À propos de l'auteur: Max Faivre
Product Marketing Manager

En 2026, la réglementation BCBS 239 (établie par le Comité de Bâle) n’est plus une simple directive lointaine ; c’est le « système nerveux » des institutions financières d’importance systémique (G-SIBs et D-SIBs).
Née des cendres de la crise de 2008, cette norme impose une discipline de fer dans la gestion des données de risque. À l’époque, l’incapacité des banques à évaluer leur exposition réelle a failli faire s’effondrer l’économie mondiale. Aujourd’hui, avec l’accélération des marchés et l’émergence de nouveaux risques (cyber, climatiques), le BCBS 239 est devenu le test de survie ultime.
Comme le souligne David Frappa, expert chez DataGalaxy : « Le BCBS 239 n’est pas un sprint de mise en conformité, c’est un marathon de maîtrise de la donnée. Ce n’est pas une question de volume de données, mais de confiance dans chaque chiffre produit. »
Malgré des investissements massifs, beaucoup de banques luttent encore avec des processus artisanaux. Voici pourquoi la conformité échoue souvent :
Les banques opèrent sur un empilement de technologies : des cœurs de métier sur AS/400 aux nouvelles plateformes cloud. Cette fragmentation crée des silos où la donnée est répliquée sans contrôle, rendant l’agrégation lente et périlleuse.
Si le département des Risques définit un « défaut de paiement » différemment de la Finance ou du Métier, l’agrégation est impossible. Ce manque de cohérence crée des tensions internes et, in fine, des erreurs de reporting majeures.
Lorsqu’un régulateur demande : « D’où vient ce montant de 2 milliards d’exposition ? », la réponse prend souvent des jours. Sans Data Lineage, la banque est incapable de remonter la chaîne de calcul depuis le rapport jusqu’à la source.
Pour être conforme, une banque doit répondre à quatre grandes thématiques. Voici comment un catalogue de données les adresse concrètement :
La banque doit avoir une gouvernance solide.
L’apport de DataGalaxy : Identifier les Data Owners et Data Stewards pour chaque actif.
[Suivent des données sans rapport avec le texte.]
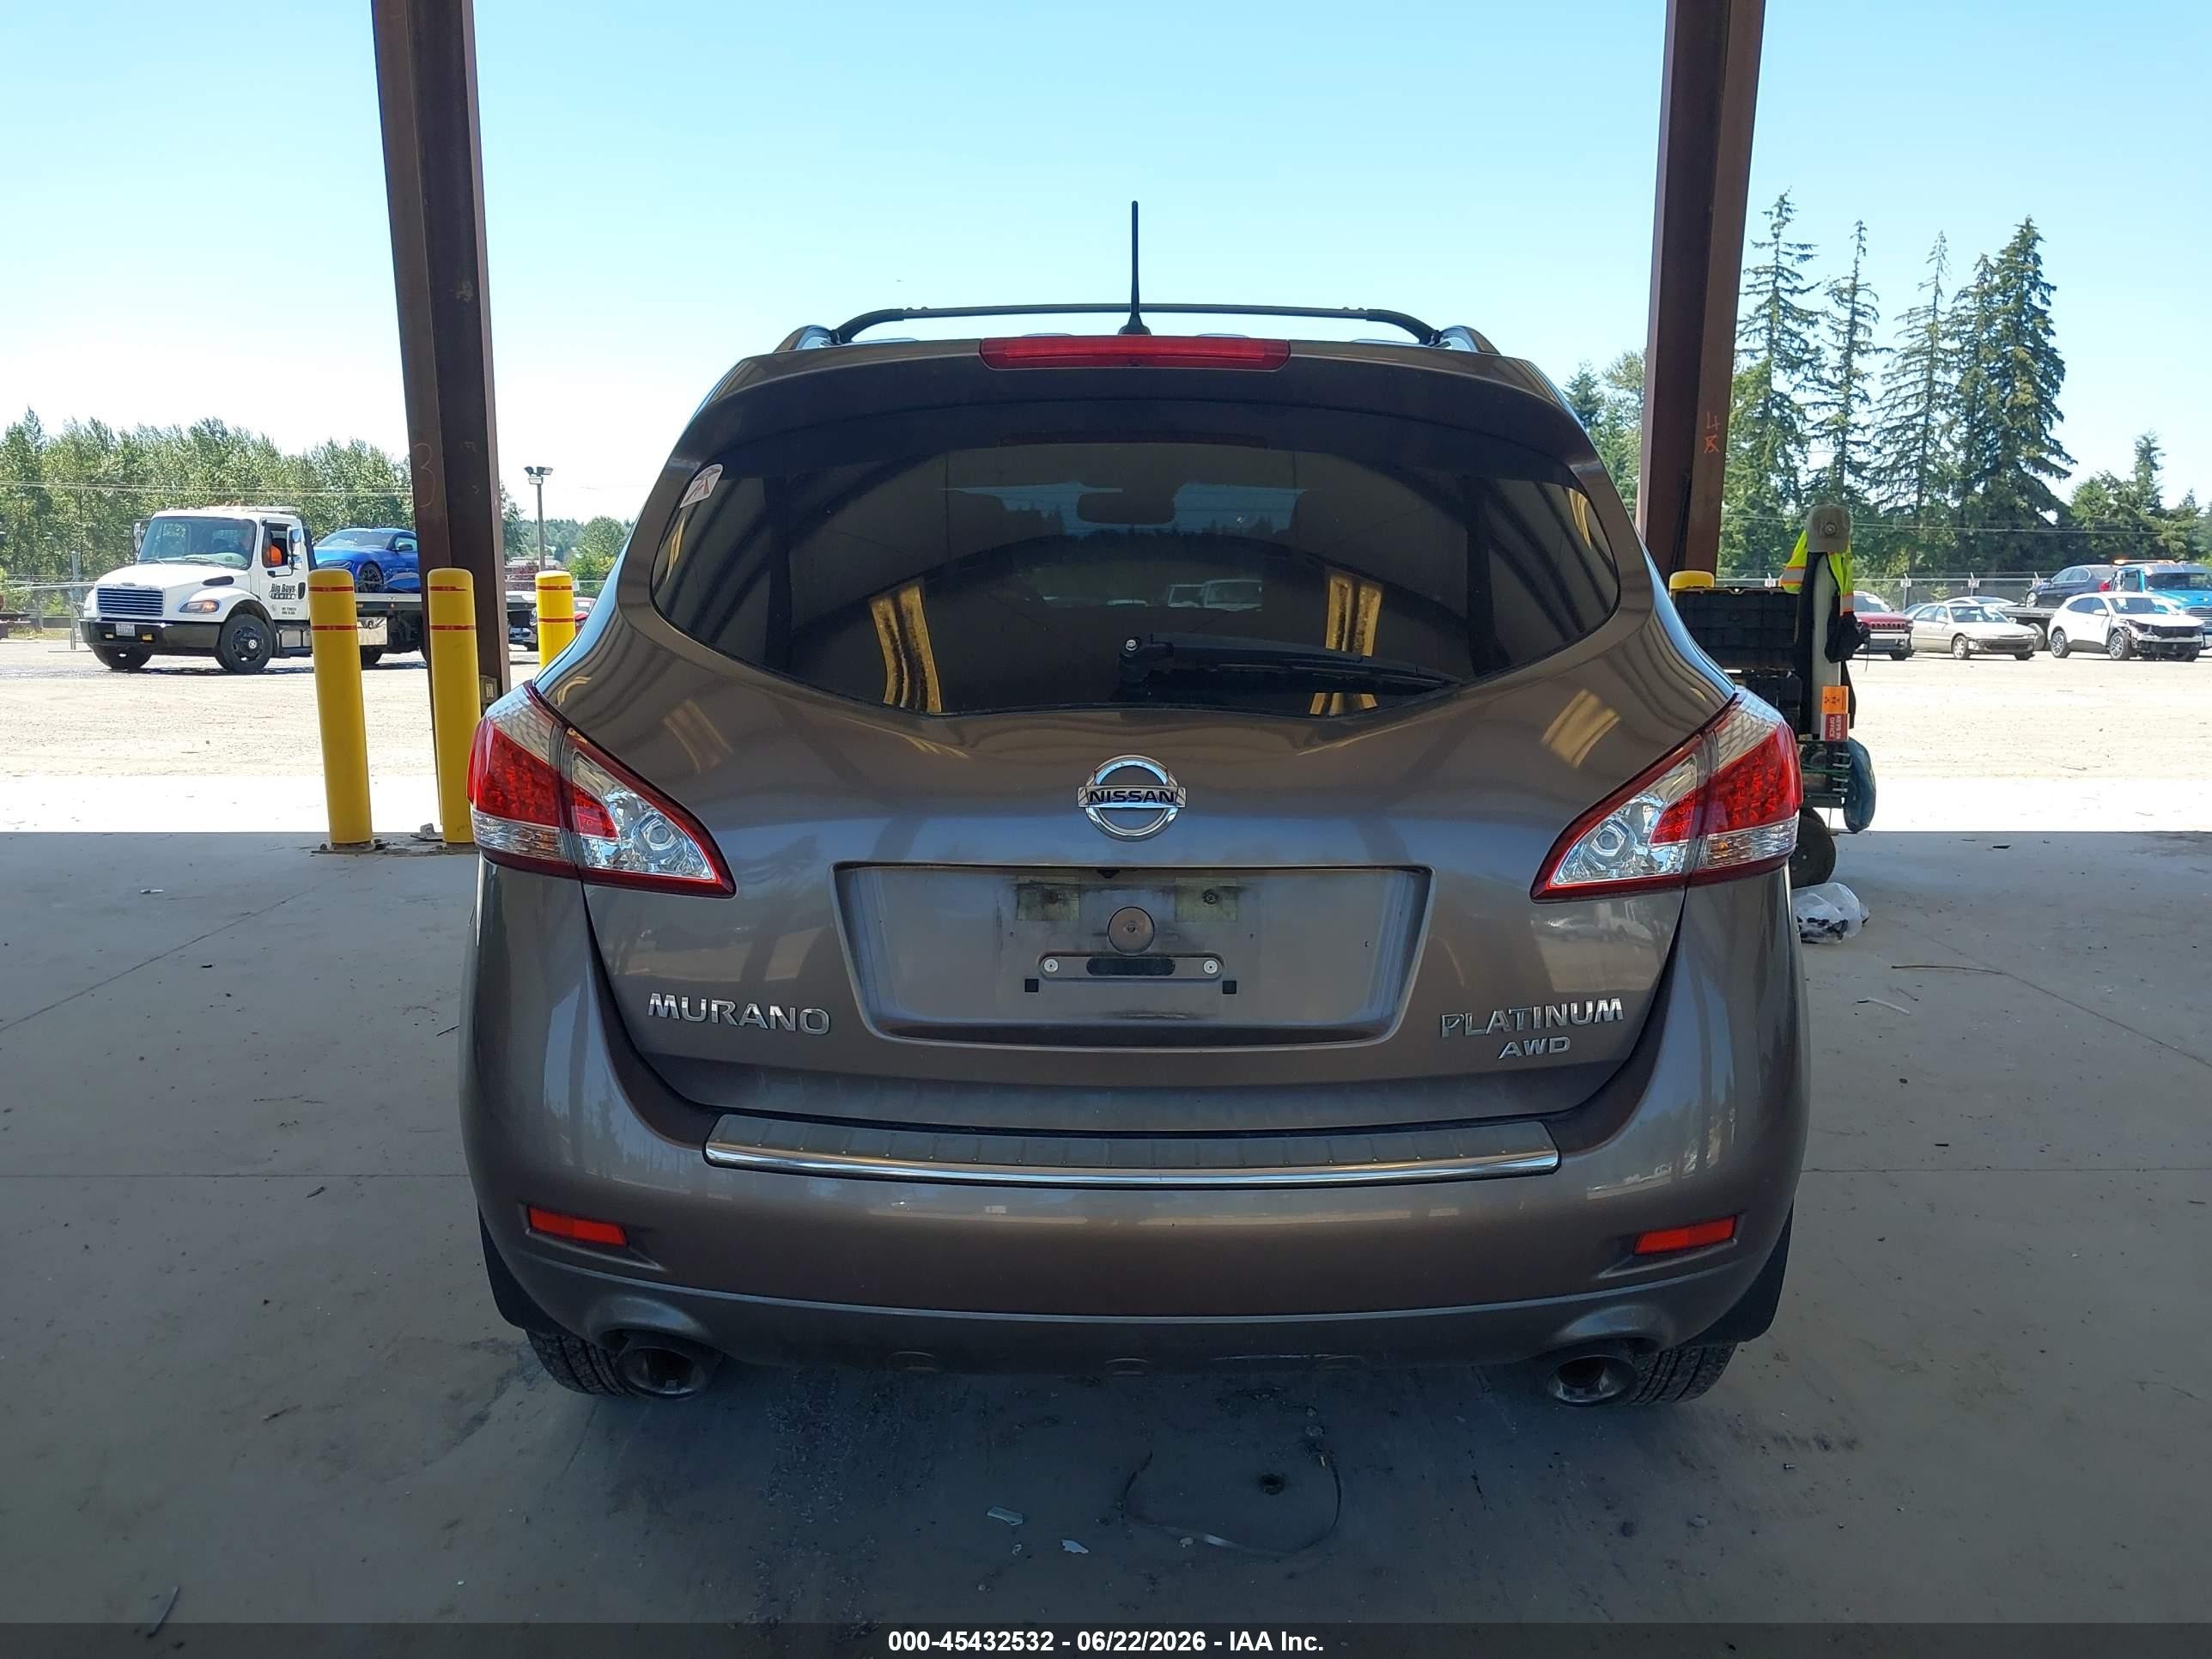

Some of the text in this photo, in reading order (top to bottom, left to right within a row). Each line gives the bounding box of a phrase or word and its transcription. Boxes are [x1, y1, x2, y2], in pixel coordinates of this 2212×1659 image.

[270, 583, 295, 594] Big Boys
[1089, 790, 1175, 803] NISSAN
[647, 992, 830, 1035] MURANO
[1441, 997, 1624, 1038] PLATINUM
[1498, 1036, 1571, 1060] AWD
Savoir qui est responsable de la donnée permet de fluidifier la communication en cas d’incident de qualité.
Les données doivent être exactes, complètes et produites rapidement, même en période de crise.
Les rapports doivent être précis, clairs et diffusés avec la bonne fréquence.
Les rapports doivent être précis, clairs et diffusés avec la bonne fréquence.
La conformité doit être testée et auditée régulièrement.

Le Data Lineage (ou lignage de données) est l’exigence la plus complexe du BCBS 239. Il s’agit de cartographier le cycle de vie de la donnée.
| Niveau de Lineage | Utilité pour le BCBS 239 | Impact Métier |
| Lineage Business | Comprendre les concepts et définitions. | Alignement des équipes Risques et Finance. |
| Lineage Technique | Voir les tables SQL, les flux ETL et les scripts. | Rapidité d’audit et de maintenance. |
| Analyse d’Impact | Prévoir les conséquences d’un changement en amont. | Réduction drastique des bugs de calcul en production. |
Exemple concret : Si vous modifiez une règle de calcul sur le profit brut dans votre ERP, DataGalaxy vous montre instantanément les 15 rapports de risque qui seront impactés.
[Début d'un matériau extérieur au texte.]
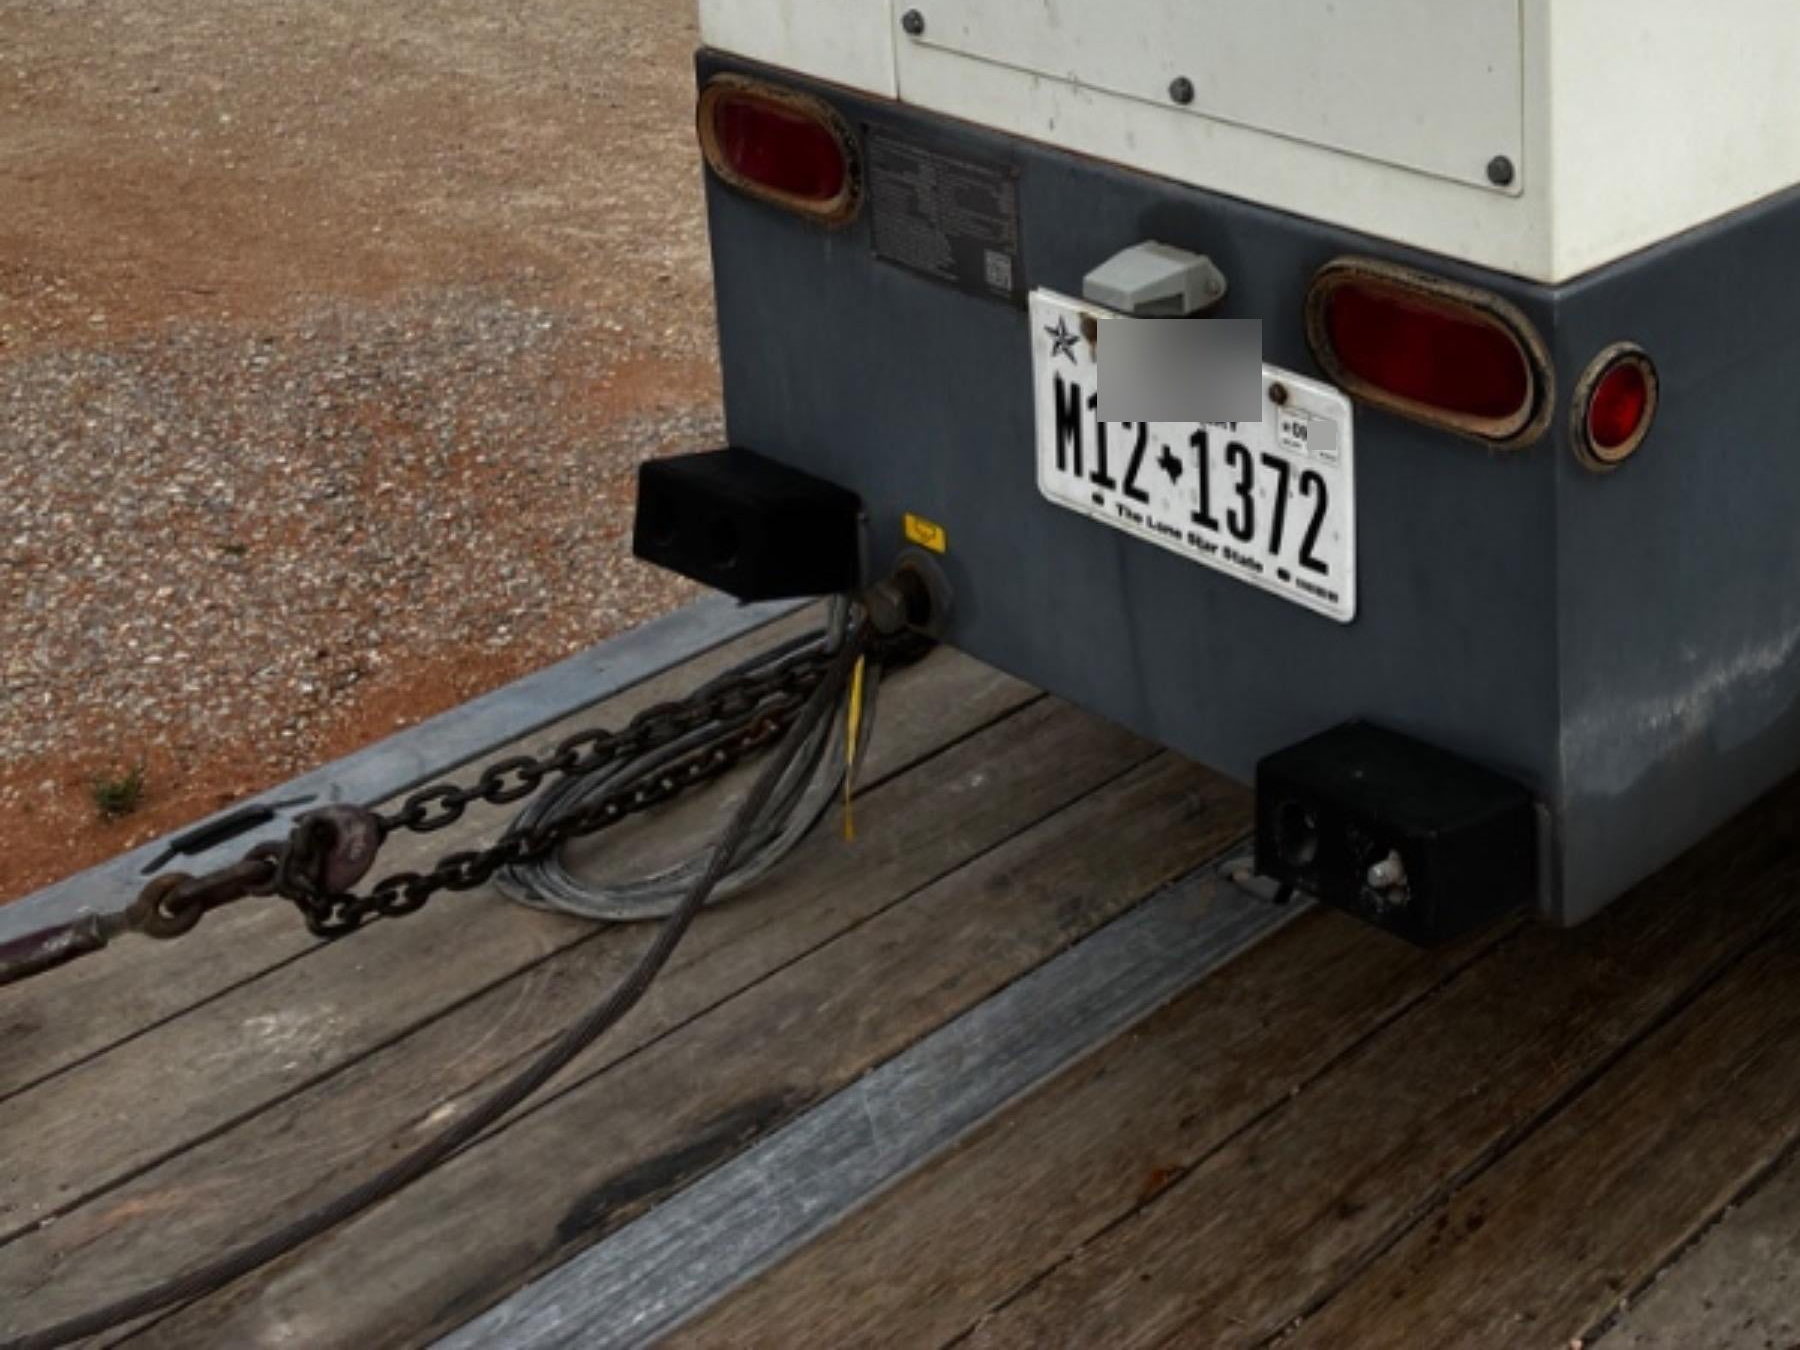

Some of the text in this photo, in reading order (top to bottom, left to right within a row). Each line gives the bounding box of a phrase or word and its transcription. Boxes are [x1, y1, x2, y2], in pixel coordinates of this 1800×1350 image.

Le BCBS 239 exige des données « propres ». Mais la qualité ne se décrète pas, elle se mesure.
Plutôt que de vérifier manuellement des fichiers Excel, DataGalaxy s’interface avec vos outils de Data Quality (Sifflet, Bigeye, etc.).

David Frappa est formel : « L’usage intensif d’Excel pour la consolidation réglementaire est une bombe à retardement. »
Comment justifier un indicateur de risque lors d’un audit surprise ?
Le Path Tracker du lineage permet de montrer visuellement à l’auditeur tout le cheminement de la donnée, de la source à l’indicateur, incluant les transformations et les règles métier appliquées.
Le lineage doit-il être automatisé ou manuel ?
L’idéal est hybride. L’automatisation traite les flux modernes (Snowflake, Databricks, DBT), tandis que le manuel permet de documenter les processus métiers et les systèmes legacy (AS/400) qui ne fournissent pas de métadonnées nativement.
DataGalaxy permet-il de gérer d’autres réglementations ?
Oui. Une fois votre patrimoine data cartographié pour le BCBS 239, vous avez déjà fait 70% du travail pour le RGPD, la directive DORA ou encore Solvency II.
Le BCBS 239 ne doit pas être perçu comme un fardeau financier. C’est l’opportunité de nettoyer votre système d’information, de briser les silos et d’instaurer une culture de la donnée partagée. En 2026, les banques les plus résilientes sont celles qui ne cherchent plus leurs données, mais qui les exploitent.